The CartPole_DQN preset has a solution to solve the CartPole environment with a DQN. I took this preset and made a few alterations to leave the following parameters:

It copies the target weights to the online weights every 100 steps of the environment
The discount factor is set to 0.99
The maximum size of the memory is 40,000 experiences
It uses a constant greedy schedule of 0.05 (to make the plots consistent)
The NN uses a mean-squared error (MSE) based loss, rather than the default Huber loss.
No environment “warmup” to pre-populate the memory (to obtain a result from the beginning)

You can see the full DQN preset I used below:

# dqn_preset.py
# Adapted from https://github.com/NervanaSystems/coach/blob/master/rl_coach/presets/CartPole_DQN.py

from rl_coach.agents.dqn_agent import DQNAgentParameters
from rl_coach.base_parameters import VisualizationParameters
from rl_coach.core_types import EnvironmentEpisodes, EnvironmentSteps
from rl_coach.environments.gym_environment import GymVectorEnvironment
from rl_coach.graph_managers.basic_rl_graph_manager import BasicRLGraphManager
from rl_coach.graph_managers.graph_manager import ScheduleParameters
from rl_coach.memories.memory import MemoryGranularity
from rl_coach.schedules import ConstantSchedule

####################
# Graph Scheduling #
####################

schedule_params = ScheduleParameters()
schedule_params.improve_steps = EnvironmentEpisodes(200)
schedule_params.steps_between_evaluation_periods = EnvironmentEpisodes(10)
schedule_params.evaluation_steps = EnvironmentEpisodes(1)
schedule_params.heatup_steps = EnvironmentSteps(0)

#########
# Agent #
#########
agent_params = DQNAgentParameters()

# DQN params
agent_params.algorithm.num_steps_between_copying_online_weights_to_target = EnvironmentSteps(
    100)
agent_params.algorithm.discount = 0.99
agent_params.algorithm.num_consecutive_playing_steps = EnvironmentSteps(1)

# NN configuration
agent_params.network_wrappers['main'].learning_rate = 0.00025
agent_params.network_wrappers['main'].replace_mse_with_huber_loss = False

# ER size
agent_params.memory.max_size = (MemoryGranularity.Transitions, 40000)

# E-Greedy schedule
agent_params.exploration.epsilon_schedule = ConstantSchedule(0.05)

################
#  Environment #
################
env_params = GymVectorEnvironment(level='CartPole-v0')

graph_manager = BasicRLGraphManager(agent_params=agent_params, env_params=env_params,
                                    schedule_params=schedule_params, vis_params=VisualizationParameters())

Q-Learning Agent and Preset

Coach doesn’t have a basic Q-learning algorithm or preset, so I implemented my own.

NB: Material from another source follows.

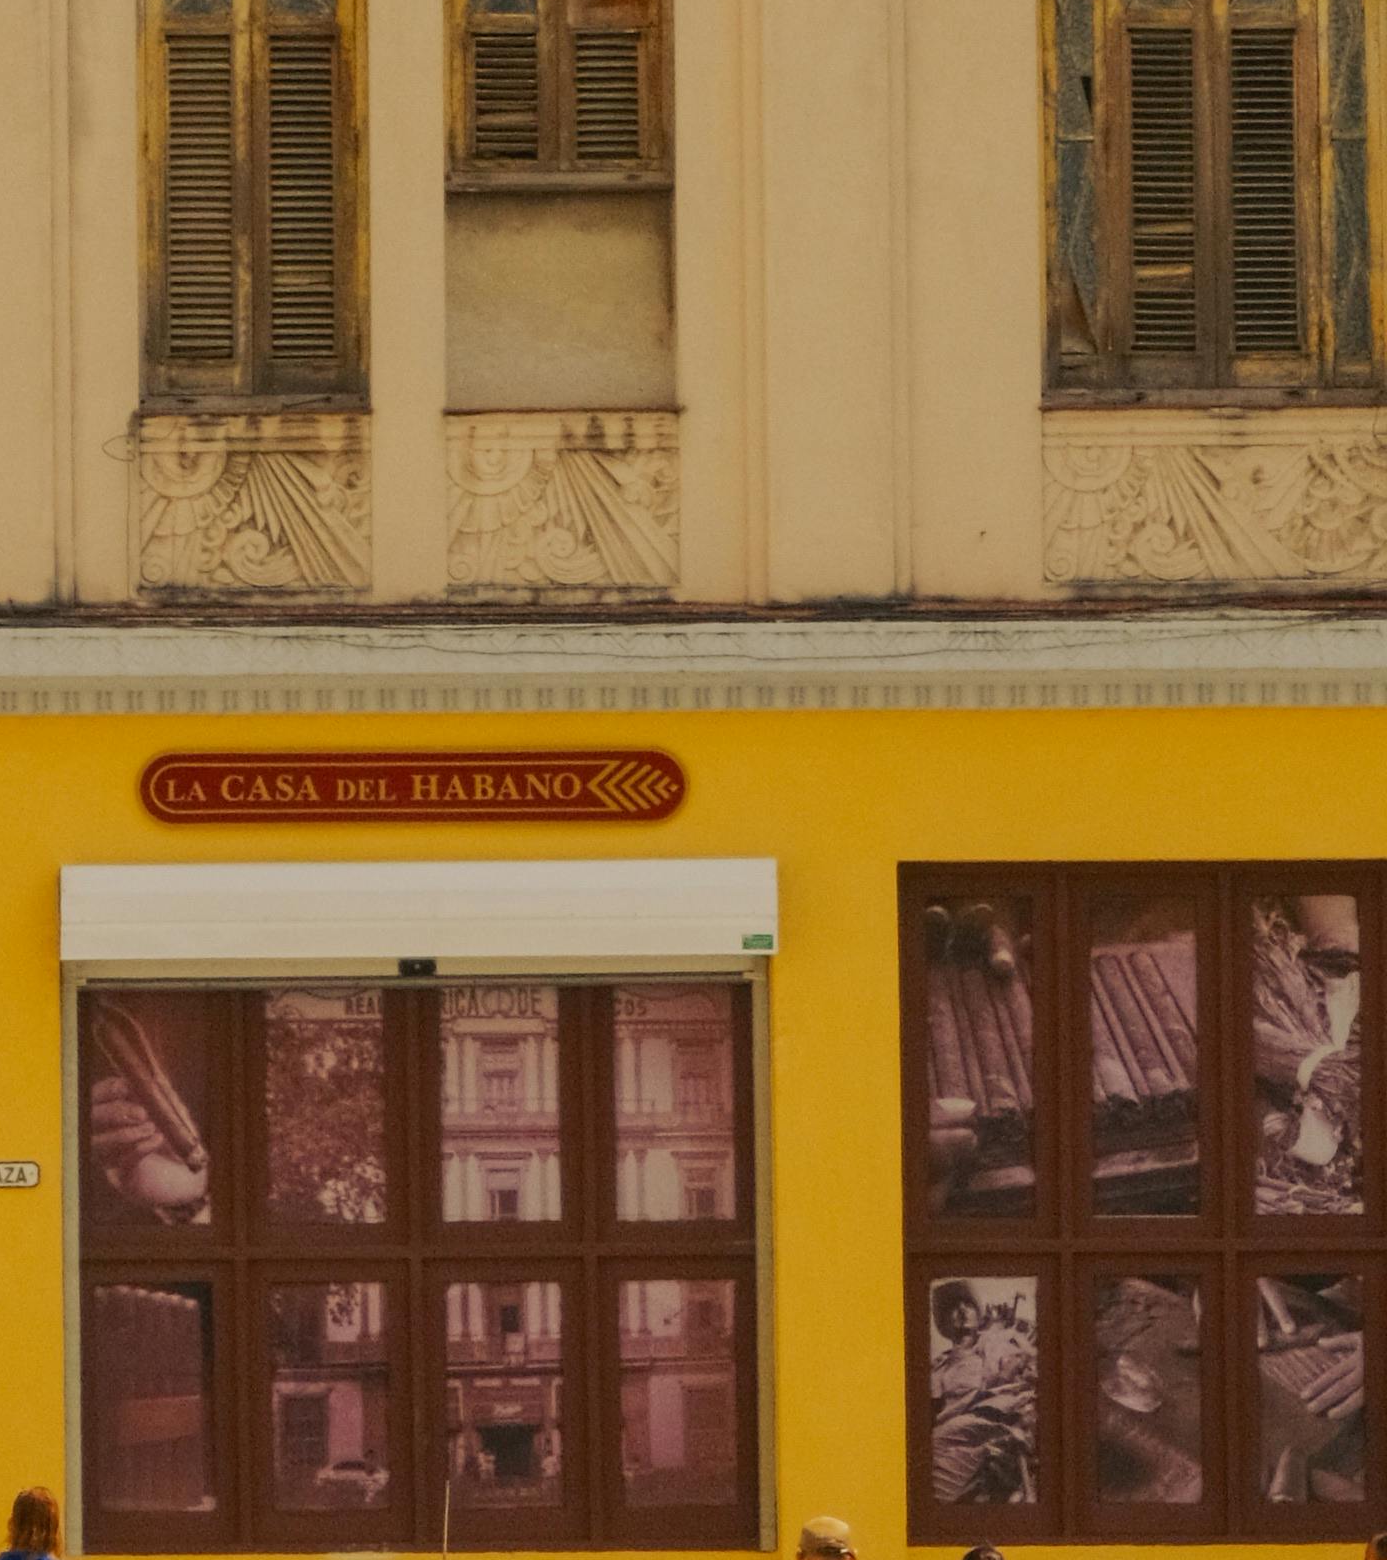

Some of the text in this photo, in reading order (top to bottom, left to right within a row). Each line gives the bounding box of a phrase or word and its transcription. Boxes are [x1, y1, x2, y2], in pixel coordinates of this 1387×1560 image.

[165, 772, 582, 802] LA CASA DEL HABANO

You can see the code below.

# q_learning_agent.py

import math
import random
from collections import defaultdict
from typing import Union

import numpy as np
from rl_coach.agents.agent import Agent
from rl_coach.base_parameters import AgentParameters, AlgorithmParameters
from rl_coach.core_types import ActionInfo, EnvironmentSteps
from rl_coach.exploration_policies.e_greedy import EGreedyParameters
from rl_coach.memories.non_episodic.experience_replay import \
    ExperienceReplayParameters


class QLearningAlgorithmParameters(AlgorithmParameters):
    def __init__(self):
        super().__init__()
        self.discount = 0.99
        self.num_consecutive_playing_steps = EnvironmentSteps(1)


class QLearningAgentParameters(AgentParameters):
    def __init__(self, default_q=0, alpha=0.1):
        super().__init__(algorithm=QLearningAlgorithmParameters(),
                         exploration=EGreedyParameters(),
                         memory=ExperienceReplayParameters(),
                         networks={})
        self.default_q = default_q
        self.alpha = alpha

    @property
    def path(self):
        return 'q_learning_agent:QLearningAgent'


class QLearningAgent(Agent):
    def __init__(self, agent_parameters,
                 parent: Union['LevelManager', 'CompositeAgent'] = None):
        super().__init__(agent_parameters, parent)
        self.default_q = self.ap.default_q
        self.q_func = defaultdict(lambda: defaultdict(lambda: self.default_q))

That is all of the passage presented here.